The answer may lay in Philadelphia where Dr. Williams’ parents taught him to promote his own career indirectly by serving others directly. The opposing perspective is ‘me first,’ usually without any required self-discipline or self-improvement with which to defend it. Call it decadence.
If one travels, one sees the enormous diligence and thirst for self-improvement that define multitudes across the so-called developing world, juxtaposed against the self-satisfaction and lassitude that seems increasingly commonplace in the West. Granted that endemically bad governance and ancient enmities deter people in poorer countries and that the French private or public sectors are no consumer heaven. But there are Western micro-cultures that shatter the market-oriented ideologies.

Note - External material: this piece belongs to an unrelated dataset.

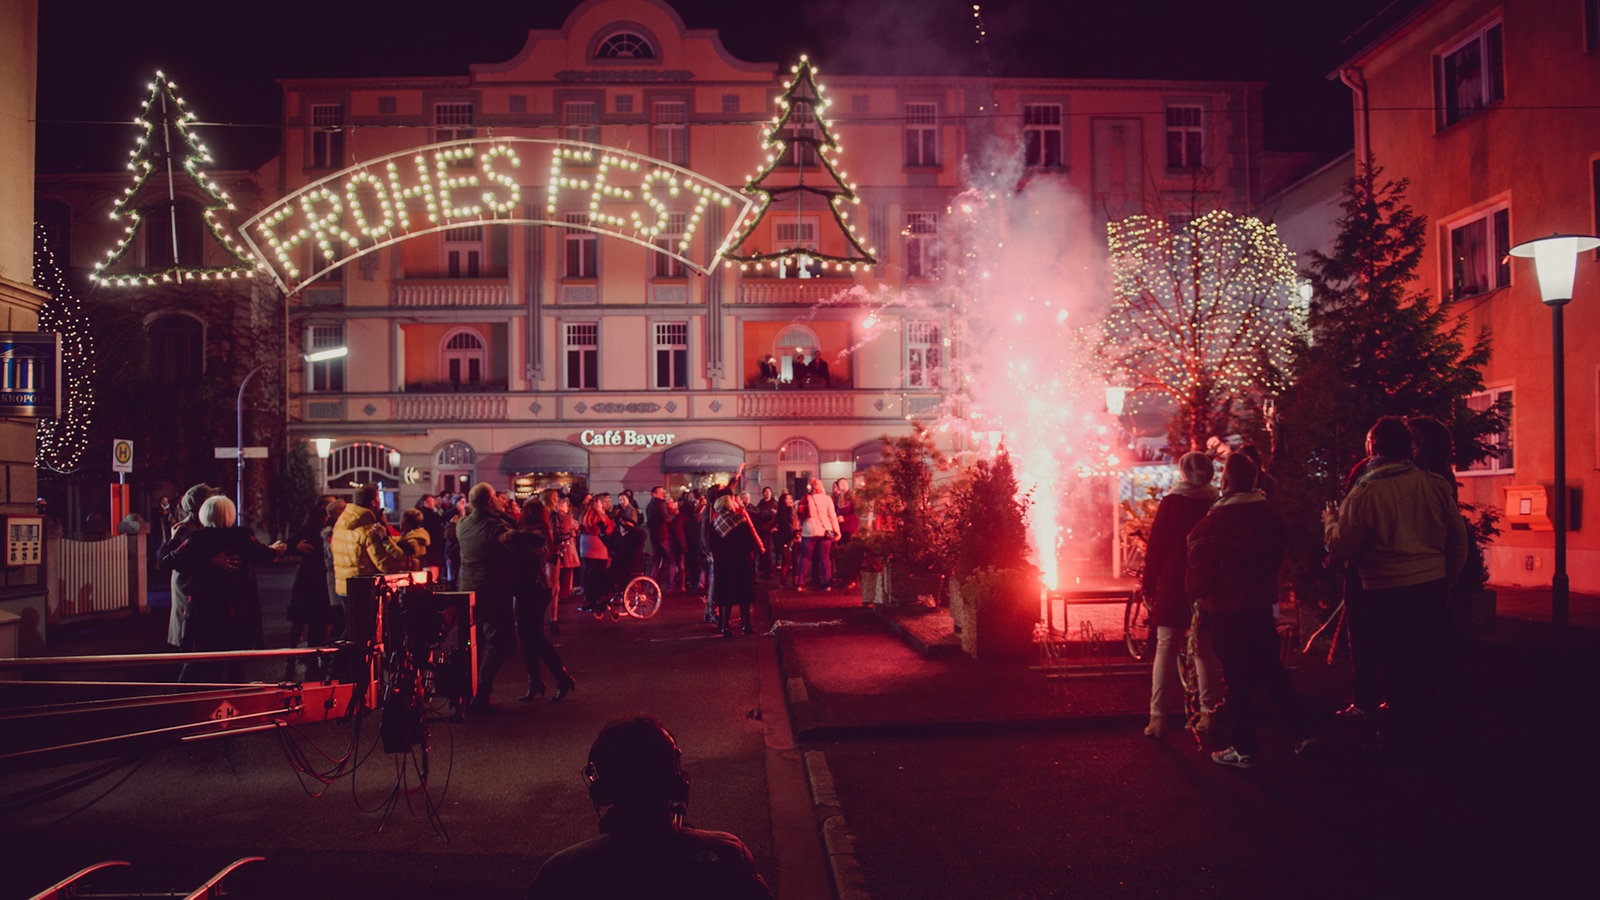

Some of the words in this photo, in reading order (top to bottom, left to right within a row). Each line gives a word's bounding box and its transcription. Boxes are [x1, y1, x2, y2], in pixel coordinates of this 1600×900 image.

Granted, too, that America still excels at customer-service generally, but the trajectories seem clear. The American students filling the engineering and medical faculties tend to be named Wong or Chaudhary or Mohammad, whereas the devotees of Women’s Literature and Media Studies are called Smith or Schmidt, LeClerc or Giovanni. In America and abroad, the ambitious and enterprising come from vastly different, usually non-Western, cultures that have little else in common beyond those two virtues and an inspiring shortage of decadence.
When American conservatives insist that the prescription for national renewal is revivifying religion, or reading more about the Founding Fathers, or getting involved with their neighbours, or in boosting enterprise and rolling back the state, one wonders if this is nice but quite insufficient. When they trumpet American exceptionalism, why are today’s most engaged and diligent people from somewhere else? Something elusive is missing, but one hopes that it survives in American enclaves including an ugly housing project in Philadelphia.
Ultimately, it may be that the rest of us just had it all too easy for too long and our time has passed, victims of our forefathers’ economic success. That may explain the end of Rome better than Christianity, slavery, empire or the other leading theories: “Throw another dormouse on the grill, Septimus, and let someone else worry about washing the dishes.”